-- Supplied data follows --
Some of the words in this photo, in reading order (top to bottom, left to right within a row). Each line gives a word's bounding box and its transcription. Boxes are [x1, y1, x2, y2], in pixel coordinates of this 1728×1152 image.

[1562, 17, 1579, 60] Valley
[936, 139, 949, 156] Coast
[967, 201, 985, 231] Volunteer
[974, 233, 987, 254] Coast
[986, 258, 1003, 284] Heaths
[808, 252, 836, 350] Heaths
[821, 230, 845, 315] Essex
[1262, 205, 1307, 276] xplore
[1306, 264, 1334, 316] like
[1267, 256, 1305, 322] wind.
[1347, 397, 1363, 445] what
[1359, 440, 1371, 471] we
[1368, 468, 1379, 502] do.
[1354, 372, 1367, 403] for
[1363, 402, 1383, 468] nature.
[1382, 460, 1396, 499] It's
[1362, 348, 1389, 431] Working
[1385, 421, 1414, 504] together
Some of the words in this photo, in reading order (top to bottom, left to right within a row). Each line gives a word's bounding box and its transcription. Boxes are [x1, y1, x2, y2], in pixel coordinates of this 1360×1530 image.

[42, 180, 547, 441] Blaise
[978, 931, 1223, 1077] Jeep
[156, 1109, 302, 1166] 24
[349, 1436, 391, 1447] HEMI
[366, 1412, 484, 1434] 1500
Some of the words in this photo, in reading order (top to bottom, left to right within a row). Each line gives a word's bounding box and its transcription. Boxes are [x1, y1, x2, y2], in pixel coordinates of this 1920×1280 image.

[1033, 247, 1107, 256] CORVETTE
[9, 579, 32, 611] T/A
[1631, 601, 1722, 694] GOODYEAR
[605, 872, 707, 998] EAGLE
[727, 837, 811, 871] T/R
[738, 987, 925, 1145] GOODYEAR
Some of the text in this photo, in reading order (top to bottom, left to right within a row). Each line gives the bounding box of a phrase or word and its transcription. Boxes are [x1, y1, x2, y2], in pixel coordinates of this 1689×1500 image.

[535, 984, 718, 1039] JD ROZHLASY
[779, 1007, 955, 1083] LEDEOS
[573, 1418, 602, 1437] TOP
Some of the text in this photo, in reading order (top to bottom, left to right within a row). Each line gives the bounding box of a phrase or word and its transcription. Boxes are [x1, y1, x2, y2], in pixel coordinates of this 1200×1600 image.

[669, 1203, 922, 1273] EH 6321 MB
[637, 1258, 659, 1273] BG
-- Supplied data concluded --
◆ What needs to be done
Reproduce the data shown above exactly, including every line.

◆ Response to this exercise
Some of the words in this photo, in reading order (top to bottom, left to right within a row). Each line gives a word's bounding box and its transcription. Boxes are [x1, y1, x2, y2], in pixel coordinates of this 1728×1152 image.

[1562, 17, 1579, 60] Valley
[936, 139, 949, 156] Coast
[967, 201, 985, 231] Volunteer
[974, 233, 987, 254] Coast
[986, 258, 1003, 284] Heaths
[808, 252, 836, 350] Heaths
[821, 230, 845, 315] Essex
[1262, 205, 1307, 276] xplore
[1306, 264, 1334, 316] like
[1267, 256, 1305, 322] wind.
[1347, 397, 1363, 445] what
[1359, 440, 1371, 471] we
[1368, 468, 1379, 502] do.
[1354, 372, 1367, 403] for
[1363, 402, 1383, 468] nature.
[1382, 460, 1396, 499] It's
[1362, 348, 1389, 431] Working
[1385, 421, 1414, 504] together
Some of the words in this photo, in reading order (top to bottom, left to right within a row). Each line gives a word's bounding box and its transcription. Boxes are [x1, y1, x2, y2], in pixel coordinates of this 1360×1530 image.

[42, 180, 547, 441] Blaise
[978, 931, 1223, 1077] Jeep
[156, 1109, 302, 1166] 24
[349, 1436, 391, 1447] HEMI
[366, 1412, 484, 1434] 1500
Some of the words in this photo, in reading order (top to bottom, left to right within a row). Each line gives a word's bounding box and its transcription. Boxes are [x1, y1, x2, y2], in pixel coordinates of this 1920×1280 image.

[1033, 247, 1107, 256] CORVETTE
[9, 579, 32, 611] T/A
[1631, 601, 1722, 694] GOODYEAR
[605, 872, 707, 998] EAGLE
[727, 837, 811, 871] T/R
[738, 987, 925, 1145] GOODYEAR
Some of the text in this photo, in reading order (top to bottom, left to right within a row). Each line gives the bounding box of a phrase or word and its transcription. Boxes are [x1, y1, x2, y2], in pixel coordinates of this 1689×1500 image.

[535, 984, 718, 1039] JD ROZHLASY
[779, 1007, 955, 1083] LEDEOS
[573, 1418, 602, 1437] TOP
Some of the text in this photo, in reading order (top to bottom, left to right within a row). Each line gives the bounding box of a phrase or word and its transcription. Boxes are [x1, y1, x2, y2], in pixel coordinates of this 1200×1600 image.

[669, 1203, 922, 1273] EH 6321 MB
[637, 1258, 659, 1273] BG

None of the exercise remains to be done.